Supplied records
• • • •
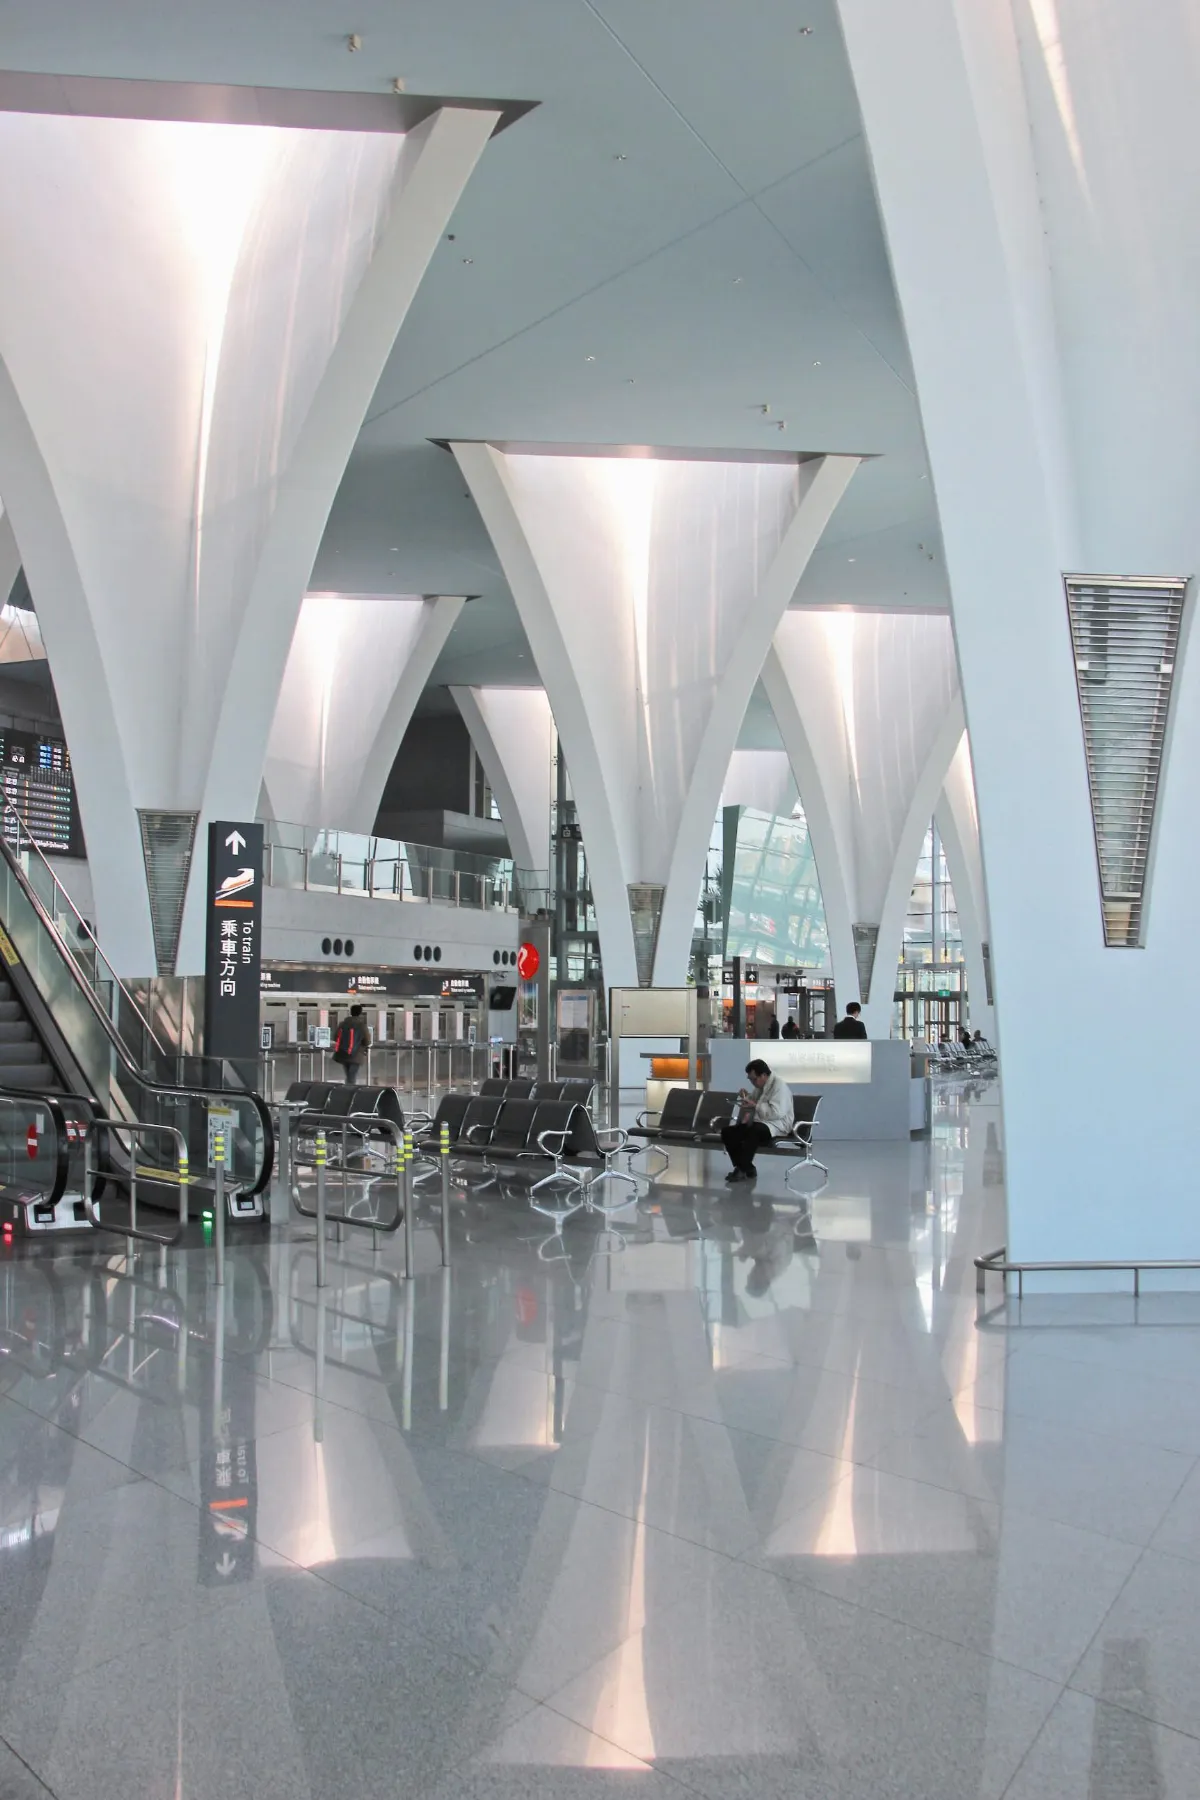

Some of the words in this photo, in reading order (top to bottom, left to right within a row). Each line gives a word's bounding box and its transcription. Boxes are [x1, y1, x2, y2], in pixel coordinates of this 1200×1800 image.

[242, 920, 254, 935] To
[219, 919, 238, 997] 乘車方向
[242, 936, 254, 964] train
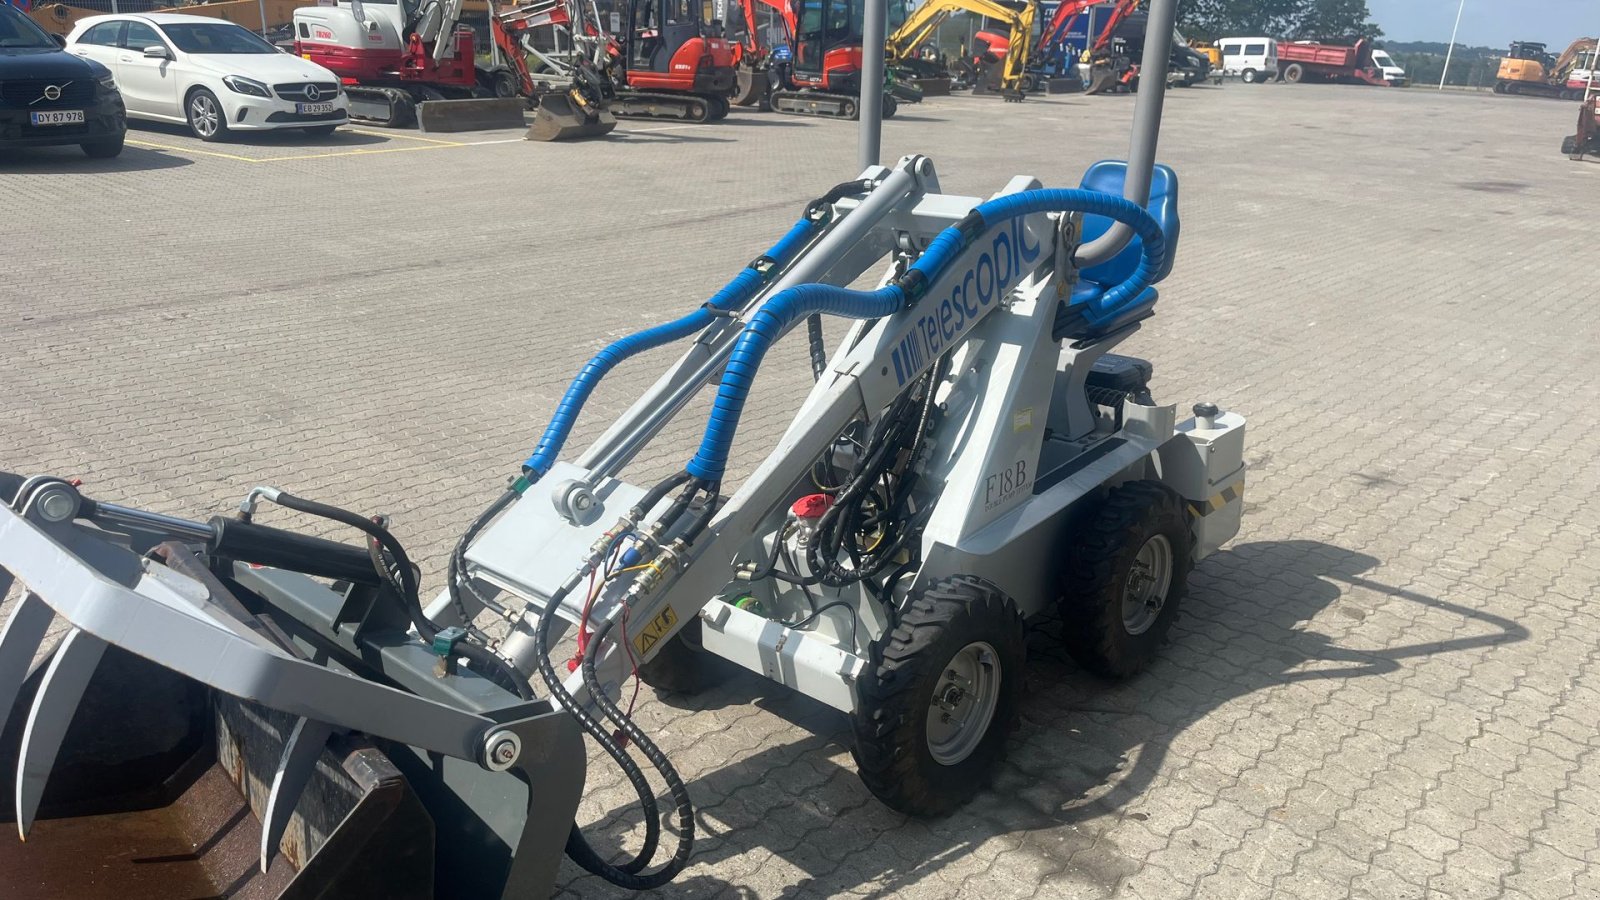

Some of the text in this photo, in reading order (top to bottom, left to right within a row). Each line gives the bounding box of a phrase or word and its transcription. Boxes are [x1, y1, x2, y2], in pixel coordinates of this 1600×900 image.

[303, 104, 332, 112] EB 29 352
[38, 112, 84, 123] DY 87 978
[918, 214, 1041, 360] Telescopic
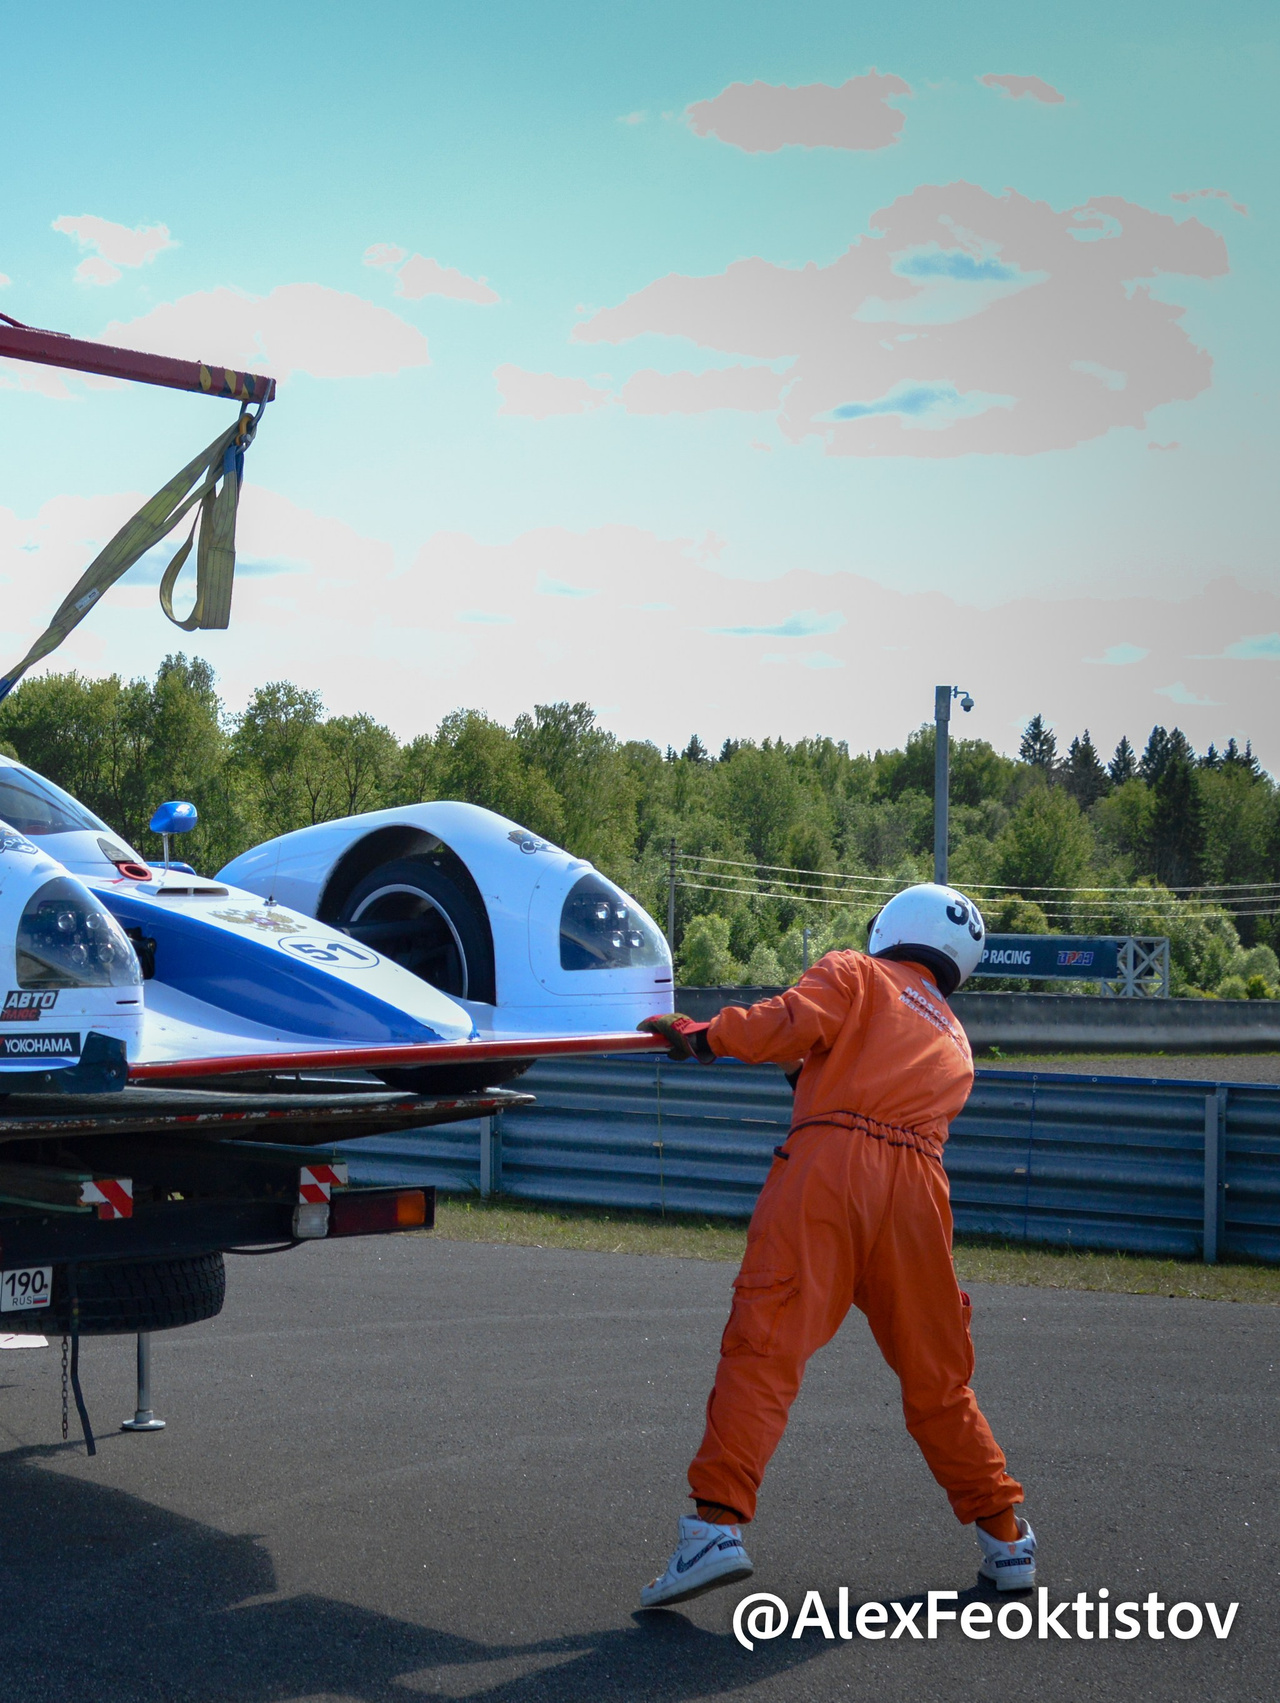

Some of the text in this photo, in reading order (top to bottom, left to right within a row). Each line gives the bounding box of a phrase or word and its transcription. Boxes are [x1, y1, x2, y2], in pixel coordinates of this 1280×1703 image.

[288, 943, 370, 961] 51
[990, 950, 1031, 965] RACING
[6, 992, 55, 1008] АВТО
[5, 1038, 72, 1053] YOKOHAMA
[5, 1270, 45, 1297] 190
[12, 1296, 32, 1306] RUS
• • • •
What to produce
Images stay out; the entries above are to be printed exactly.

Output for this task
Some of the words in this photo, in reading order (top to bottom, left to right within a row). Each line gives a word's bounding box and its transcription. Boxes are [x1, y1, x2, y2], in pixel coordinates of this 1200×1800 image.

[242, 920, 254, 935] To
[219, 919, 238, 997] 乘車方向
[242, 936, 254, 964] train

Some of the text in this photo, in reading order (top to bottom, left to right within a row). Each line gives the bounding box of a phrase or word and its transcription. Boxes are [x1, y1, x2, y2], in pixel coordinates of this 1600×900 image.

[303, 104, 332, 112] EB 29 352
[38, 112, 84, 123] DY 87 978
[918, 214, 1041, 360] Telescopic

Some of the text in this photo, in reading order (top to bottom, left to right within a row). Each line gives the bounding box of a phrase or word and its transcription. Boxes are [x1, y1, x2, y2], in pixel coordinates of this 1280×1703 image.

[288, 943, 370, 961] 51
[990, 950, 1031, 965] RACING
[6, 992, 55, 1008] АВТО
[5, 1038, 72, 1053] YOKOHAMA
[5, 1270, 45, 1297] 190
[12, 1296, 32, 1306] RUS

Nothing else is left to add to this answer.